Prefix Stem and Suffix Analysis of the Voynich Manuscript

Using the "Herbal" and "Recipes" folios

I grouped all the folios from f1v to f20v inclusive, and labeled the 
group as "Herbal folios", and folios f103r to f116r inclusive 
labeled as "Recipe folios". 

I ran each group through a program that extracts all the prefixes, 
suffixes and stems, validates each, and orders them in frequency. (The 
method used was described in an earlier email to the list.) 

My first question was: are the word frequencies and prefix/stem/suffix 
(PSS) frequencies similar between the Herbal and Recipe collections? 

Here are the results. I'll show only the suffix frequencies, because 
they are the most interesting. 

Herbal: 1331 different words, top 10 words: "8am 1oe 1oy K9 89 19 s 8ay 2oe oy" 
Recipe: 1443 different words, top 10 words: "am ay 1c89 oe 4ohC9 8am oy 4oham 1c9 2c89" 

Top 10 Herbal Suffixes  (Frequency) 

9       0.105580695 
89      0.065862246 
y       0.06435395 
e       0.058320764 
am      0.04524887 
m       0.03167421 
s       0.027652087 
19      0.025641026 
8       0.023629965 
oy      0.02212167 

Top 10 Recipe Suffixes 

9       0.11764706 
e       0.05882353 
89      0.05020284 
y       0.04817444 
am      0.036511157 
8       0.029411765 
ay      0.028904665 
ae      0.024340771 
oy      0.023326572 
oe      0.021805273 

Note: Similar sets (7 of 10), with suffix "9" being approximately a factor two more 
common than the next most common suffix. 

I'm not sure what conclusions can be drawn, if any, from this. For fun, 
I applied the same analysis to a similar number of words from Augustinus 
Latin. Here are the results, together with the VMs data: 

(Augustinus: 1257 different words, top 10 words: "et te in non me mihi est domine ut enim") 

Top 10 Latin Suffixes 

m       0.118421055 
s       0.10526316 
e       0.047368422 
que     0.039473683 
i       0.034210525 
o       0.028947368 
t       0.028947368 
us      0.02631579 
rum     0.021052632 
a       0.021052632 

So, Latin does not have the same frequency pattern at all. 

So, is there a language which does have a similar patterm? I looked at French 
from 1367, Spanish from 1527, German from 1553, and old English (Courtier): 

Top 10 French Suffixes 

s    0.1199 
t    0.0736 
z    0.0708 
e    0.0654 
nt    0.0463 
es    0.0436 
l    0.0245 
r    0.0218 
re    0.0191 
er    0.0191 
tre    0.0163 

Top 10 Spanish Suffixes 

s    0.1874 
n    0.0519 
o    0.0464 
a    0.0445 
r    0.0297 
do    0.0297 
es    0.0241 
l    0.0223 
e    0.0223 
va    0.0204 
to    0.0148 

Top 10 German Suffixes 

en    0.1171 
t    0.1171 
s    0.1122 
n    0.0537 
er    0.0390 
ten    0.0341 
d    0.0341 
e    0.0293 
m    0.0293 
ts    0.0244 
r    0.0244 

Top 10 English Suffixes 

e    0.1404 
n    0.0449 
s    0.0421 
t    0.0393 
re    0.0337 
y    0.0281 
ne    0.0253 
l    0.0253 
r    0.0253 
ll    0.0253 
ed    0.0225 

The Spanish suffix "s" is three times more frequent than the next suffix: not 
a good match to the VMs. Similarly for the English "e". 

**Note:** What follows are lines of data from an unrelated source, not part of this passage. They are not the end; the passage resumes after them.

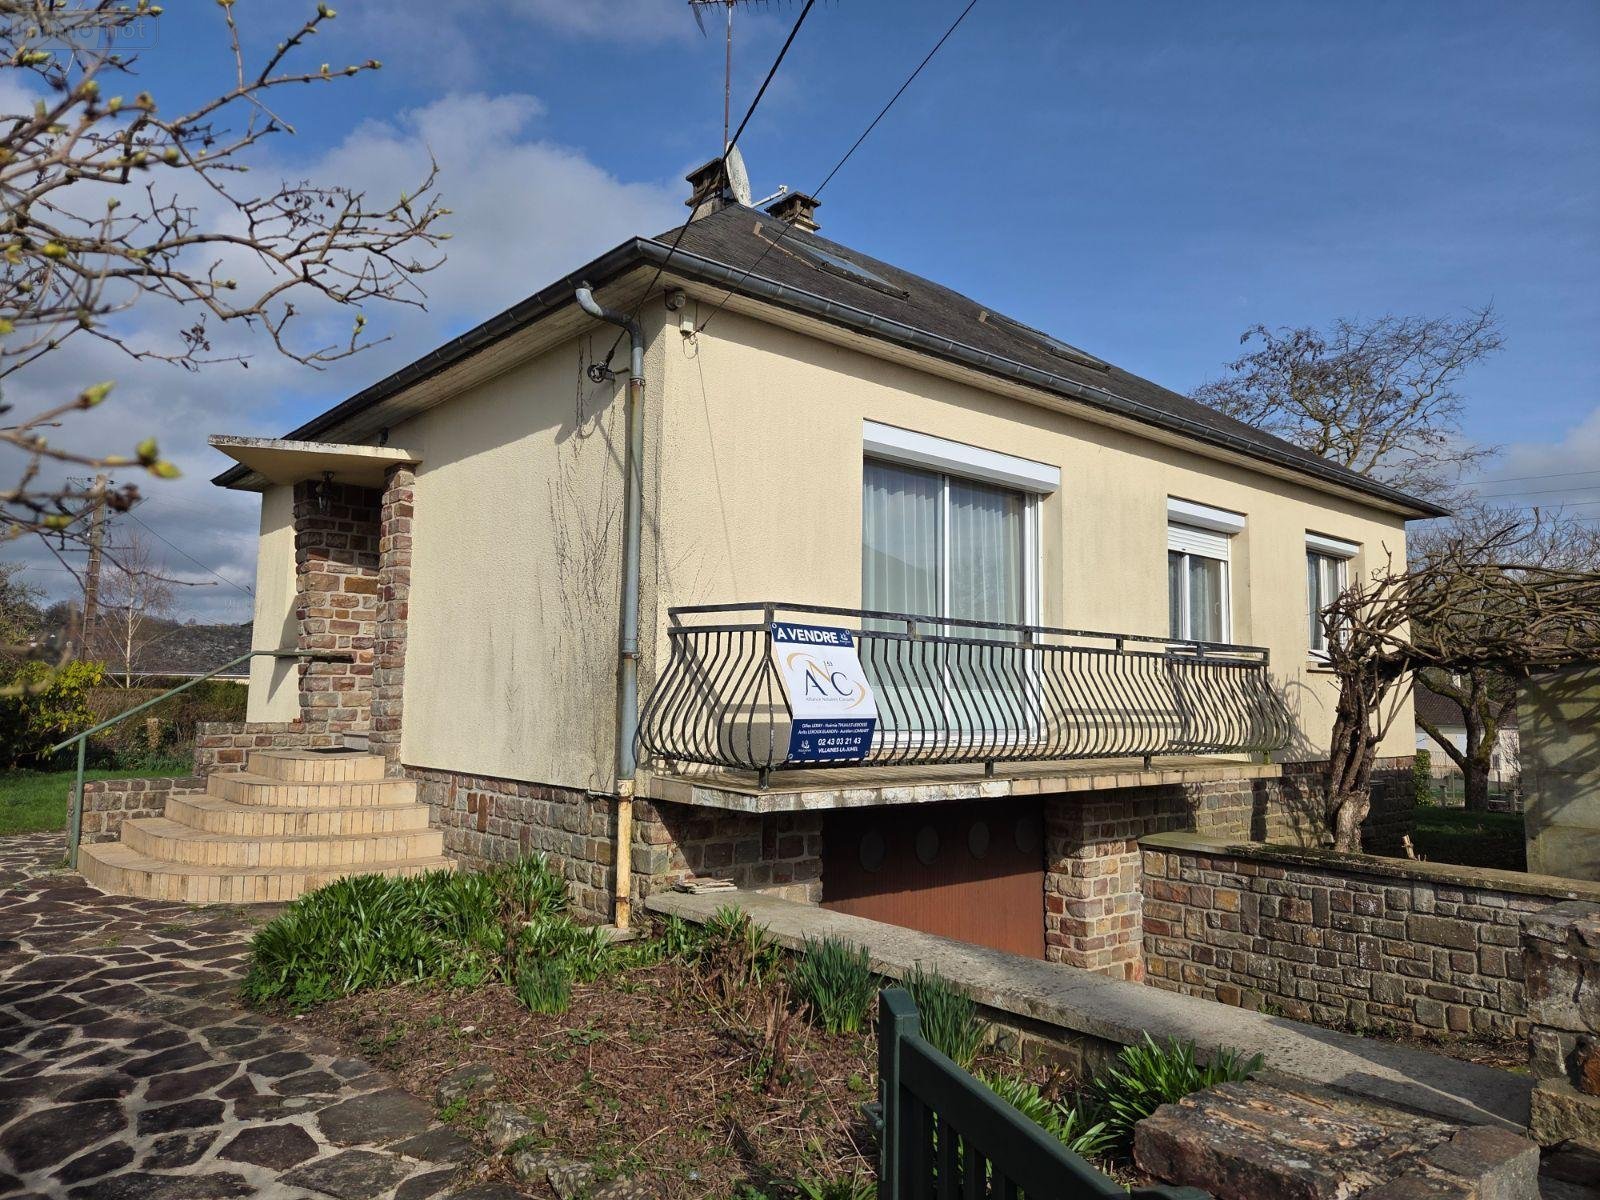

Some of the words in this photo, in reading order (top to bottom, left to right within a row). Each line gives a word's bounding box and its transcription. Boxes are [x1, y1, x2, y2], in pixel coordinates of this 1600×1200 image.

[777, 628, 788, 639] A
[787, 628, 839, 644] VENDRE
[836, 737, 844, 745] 03
[845, 737, 852, 745] 21
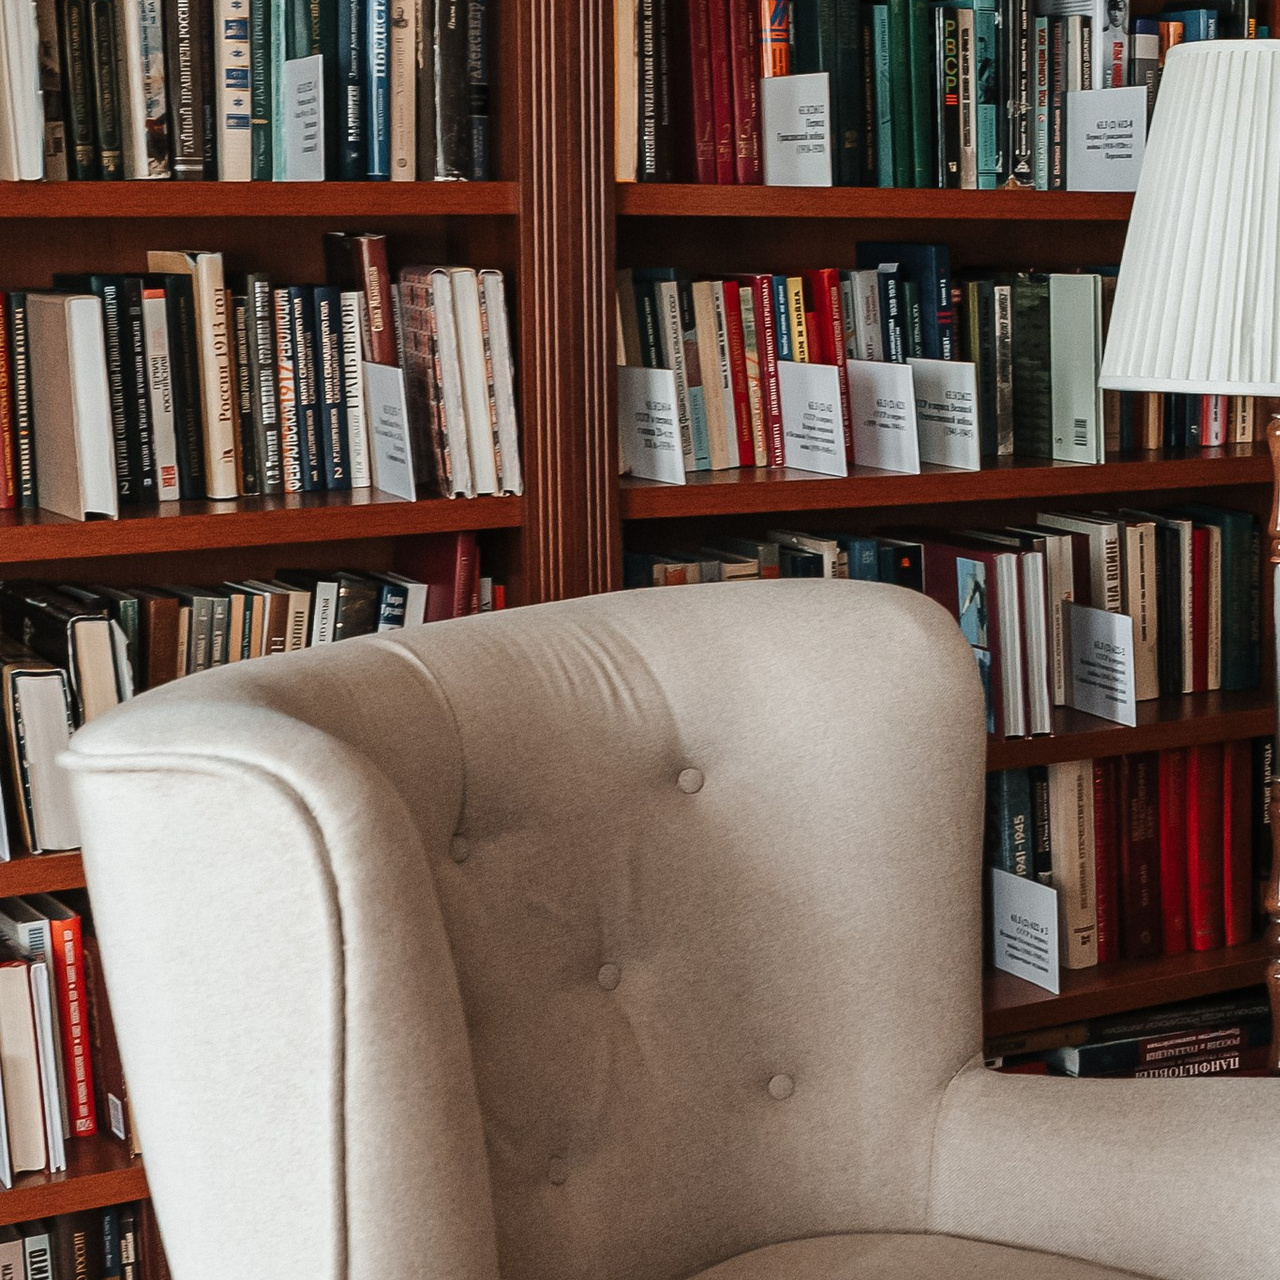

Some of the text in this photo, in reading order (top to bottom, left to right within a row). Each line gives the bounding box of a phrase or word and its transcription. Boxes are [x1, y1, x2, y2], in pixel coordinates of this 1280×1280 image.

[179, 40, 192, 103] ПРАВИТЕЛЬ
[254, 49, 265, 104] ДАЛЕКОМ
[181, 106, 194, 154] ТАЙНЫЙ
[369, 266, 380, 307] Мамонтов
[212, 288, 231, 422] Россия 1913 год
[342, 302, 357, 355] ВЕКОВ
[275, 290, 301, 491] ФЕВРАЛЬСКАЯ 1917 РЕВОЛЮЦИЯ
[768, 377, 779, 416] ДНЕВНИК
[1104, 539, 1119, 602] НА ВОЙНЕ
[1014, 815, 1027, 876] 1941-1945
[1135, 1057, 1239, 1078] ПАНФИЛОВЦЫ
[74, 1232, 87, 1272] РОССИИ

The German suffix pattern is completely different to the VMs. 

The French pattern looks similar to the VMs. 

Let's look at the French Stems, and compare with the VMs: 

Top 10 Herbal Stems 

o       0.15171504 
9       0.058377307 
8       0.045184698 
k       0.04287599 
1o      0.040567283 
oe      0.036609497 
o8      0.028364116 
oy      0.026385223 
y       0.02176781 
2       0.02176781 

Top 10 French Stems 

a       0.0704 
d       0.0544 
es      0.0528 
en      0.0448 
le      0.0432 
se      0.032 
ent     0.0304 
de      0.0272 
ce      0.0272 
ne      0.0256 

A poor match. 

Conclusion: the "9" suffix in the VMs appears too frequently for it to come from 
Latin, German, English or Spanish. Although French has a similarly frequent suffix 
"s", the stem frequencies of French don't match the VMs. 

Hypothesis: the "9" suffix in the VMs is not a word suffix, but punctuation or 
some other annotation. Perhaps a key mark for deciphering purposes. 

Next step: re-analyse the PSS frequencies in the VMs after removing suffix "9" 
from words where it appears.

Using the Biological and Astrological Folios

Astrological: folios 66v to 73v inclusive

Biological: folios 75r to 85r inclusive

I agree that one might expect the results to be different for 
the astro section since we are presumably looking at labels and 
names. So it would be like comparing a dictionary result to 
a prose result. (I will make a version of the analysis code that 
just looks at unique words in the text.) 

Anyway, here are the results: 

Herbal: 1331 different words,       top 10 words: "8am 1oe 1oy K9 89 19 s 8ay 2oe oy" 
Recipe: 1443 different words,       top 10 words: "am ay 1c89 oe 4ohC9 8am oy 4oham 1c9 2c89" 
Astrological: 1771 different words, top 10 words: "ay am ae 8am s 8ay 8ae 89 okcos ohC9" 
Biological: 2135 different words,   top 10 words: "oe 4ohan 1c89 2c89 4ohc89 4oe 4ohae 1c9 4oham" 

Top 10 Herbal Suffixes  (Frequency) 

9       0.105580695 
89      0.065862246 
y       0.06435395 
e       0.058320764 
am      0.04524887 
m       0.03167421 
s       0.027652087 
19      0.025641026 
8       0.023629965 
oy      0.02212167 

Top 10 Recipe Suffixes 

9       0.11764706 
e       0.05882353 
89      0.05020284 
y       0.04817444 
am      0.036511157 
8       0.029411765 
ay      0.028904665 
ae      0.024340771 
oy      0.023326572 
oe      0.021805273 

Top 10 Astrological Suffixes 

9       0.120173536 
89      0.055531453 
am      0.046420824 
ay      0.04381779 
s       0.04295011 
ae      0.04251627 
e       0.040347073 
79      0.026898047 
y       0.022993492 
oe      0.022125814 

Top 10 Biological Suffixes 

9       0.11961975 
89      0.049643517 
e       0.038288884 
oe      0.031687353 
y       0.030102983 
c89     0.029838923 
ae      0.0293108 
c9      0.0293108 
oy      0.02719831 
ay      0.02508582 


The suffix frequency results for the different folio groups look 
reassuringly similar to me: the differences are what you would 
see if you compared two modestly sized tests in, say, English. 
Indeed, one can tentatively conclude that the language is the 
same in all four of the VMs sections. 

On the other hand, the top 10 word lists are quite different. Curious. 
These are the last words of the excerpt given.